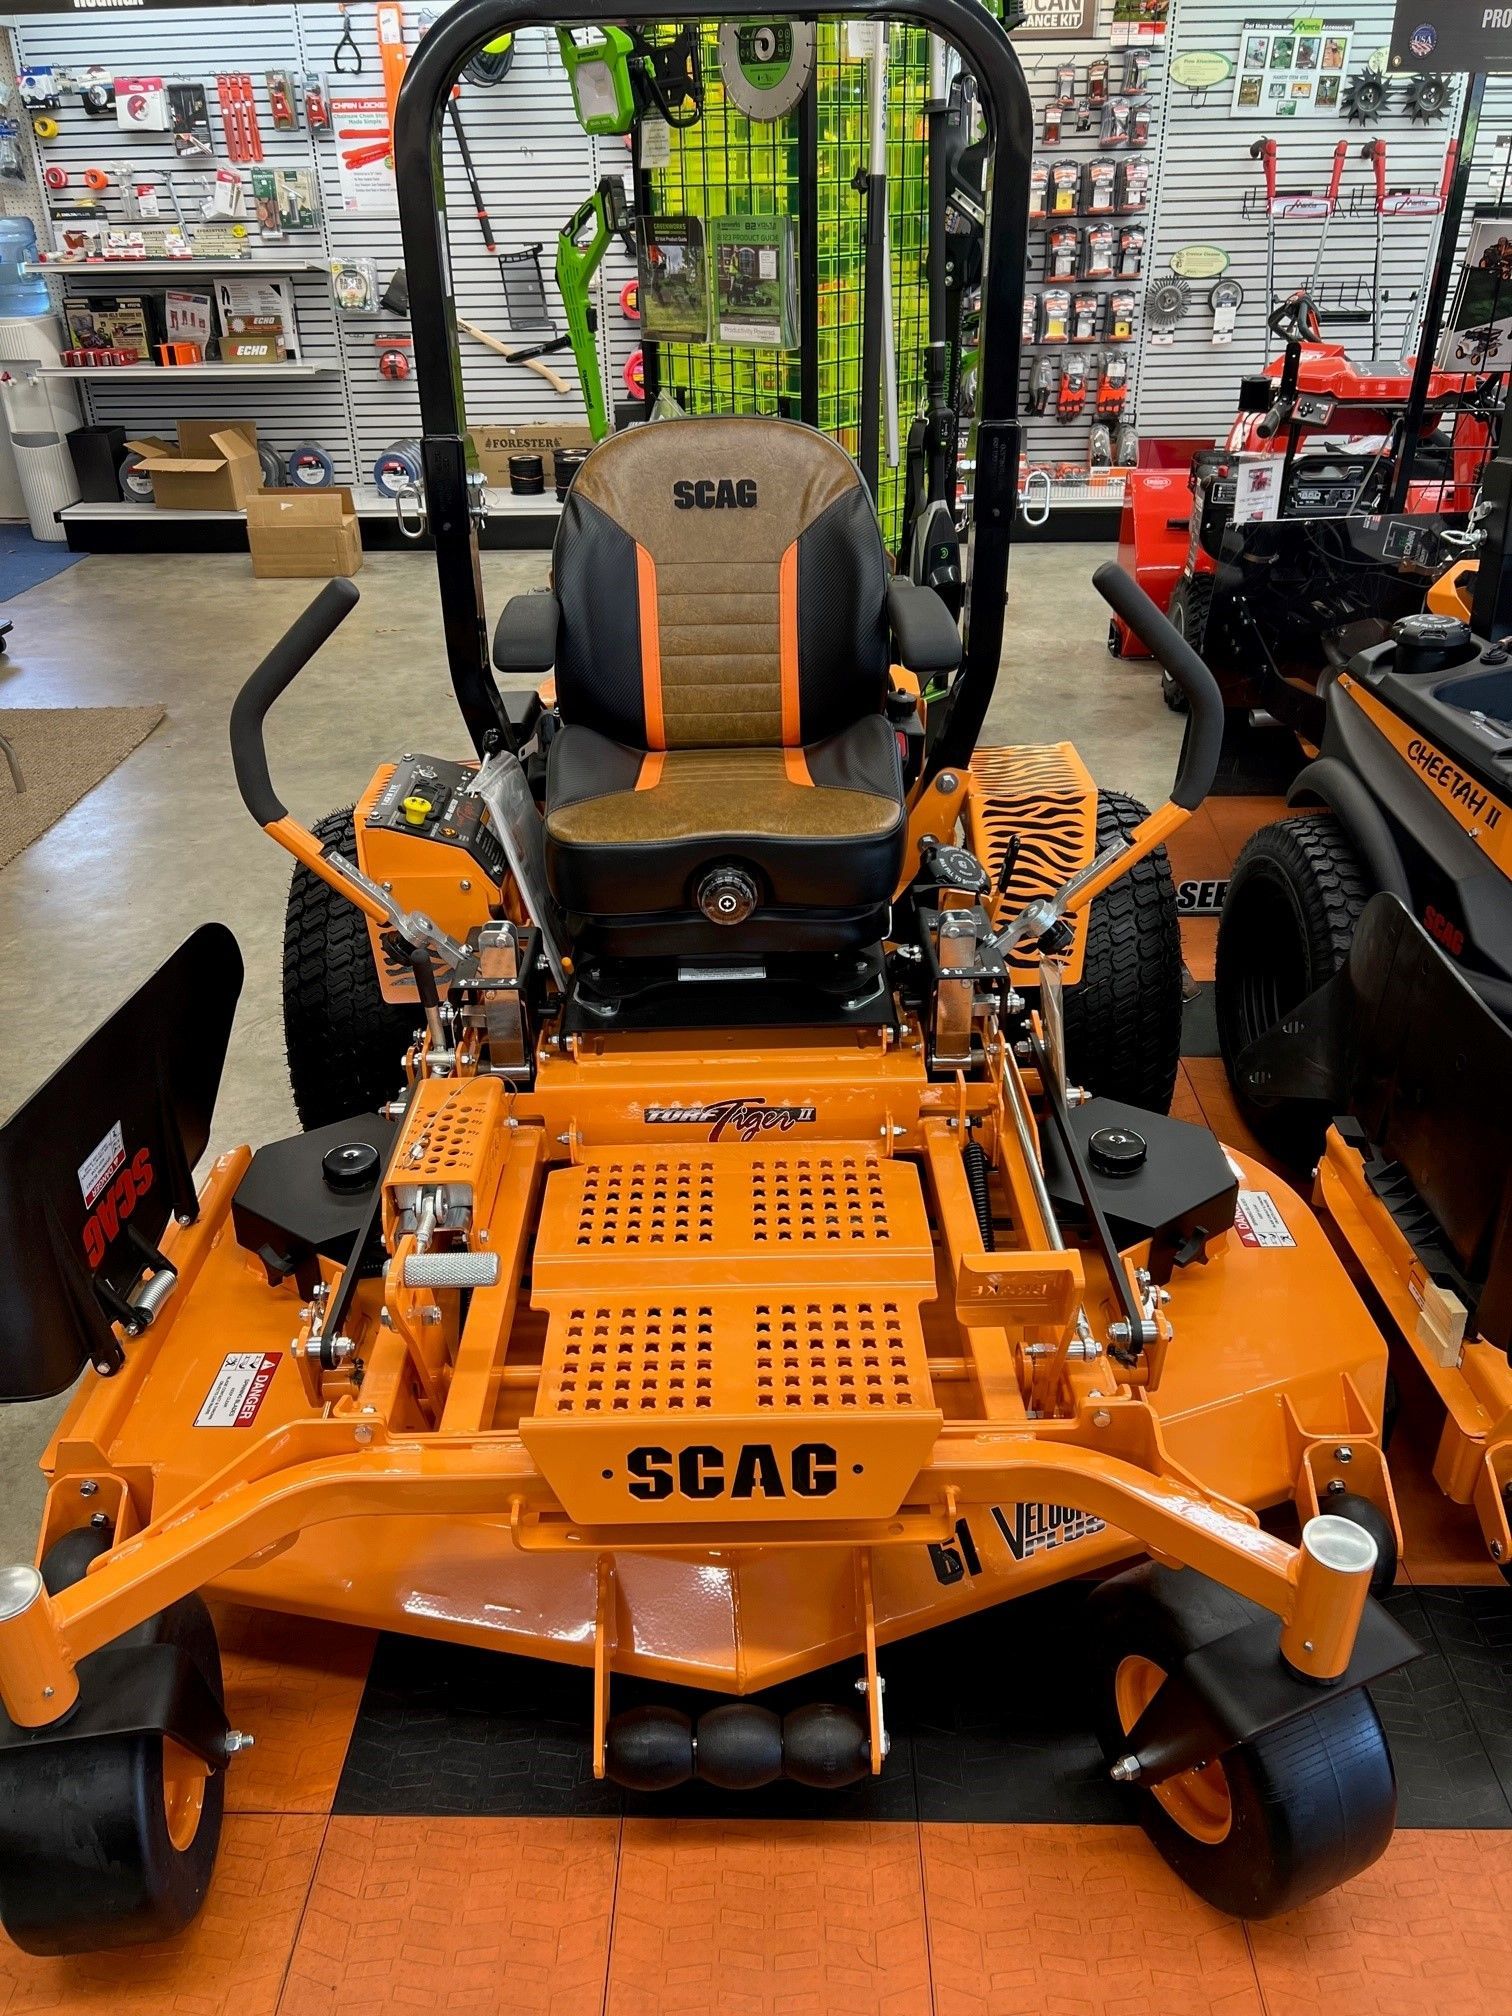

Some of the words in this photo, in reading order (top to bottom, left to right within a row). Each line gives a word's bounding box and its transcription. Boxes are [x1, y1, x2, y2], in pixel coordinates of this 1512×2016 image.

[1060, 14, 1081, 27] KIT
[1414, 35, 1432, 44] USA
[331, 101, 358, 110] CHAIN
[358, 101, 388, 110] LOCKE
[253, 317, 275, 325] ECHO
[236, 345, 268, 356] ECHO
[492, 438, 554, 449] FORESTER
[673, 479, 758, 510] SCAG
[1407, 740, 1488, 818] CHEETAH
[1484, 805, 1502, 830] II
[1424, 905, 1464, 956] SCAG
[646, 1108, 721, 1122] TURF
[703, 1097, 796, 1142] Tiger
[797, 1108, 815, 1121] II
[91, 1166, 115, 1198] DANGER
[83, 1147, 154, 1268] SCAG
[238, 1374, 269, 1419] DANGER
[627, 1442, 838, 1502] SCAG
[926, 1517, 983, 1586] 61
[1024, 1516, 1107, 1558] PLUS

Activity:
A faithful reproduction of every entry, with no pictures, is the expected answer.

Response for this exercise:
Some of the words in this photo, in reading order (top to bottom, left to right within a row). Each line gives a word's bounding box and its transcription. Boxes are [x1, y1, x2, y2], in pixel coordinates of this 1512×2016 image.

[1060, 14, 1081, 27] KIT
[1414, 35, 1432, 44] USA
[331, 101, 358, 110] CHAIN
[358, 101, 388, 110] LOCKE
[253, 317, 275, 325] ECHO
[236, 345, 268, 356] ECHO
[492, 438, 554, 449] FORESTER
[673, 479, 758, 510] SCAG
[1407, 740, 1488, 818] CHEETAH
[1484, 805, 1502, 830] II
[1424, 905, 1464, 956] SCAG
[646, 1108, 721, 1122] TURF
[703, 1097, 796, 1142] Tiger
[797, 1108, 815, 1121] II
[91, 1166, 115, 1198] DANGER
[83, 1147, 154, 1268] SCAG
[238, 1374, 269, 1419] DANGER
[627, 1442, 838, 1502] SCAG
[926, 1517, 983, 1586] 61
[1024, 1516, 1107, 1558] PLUS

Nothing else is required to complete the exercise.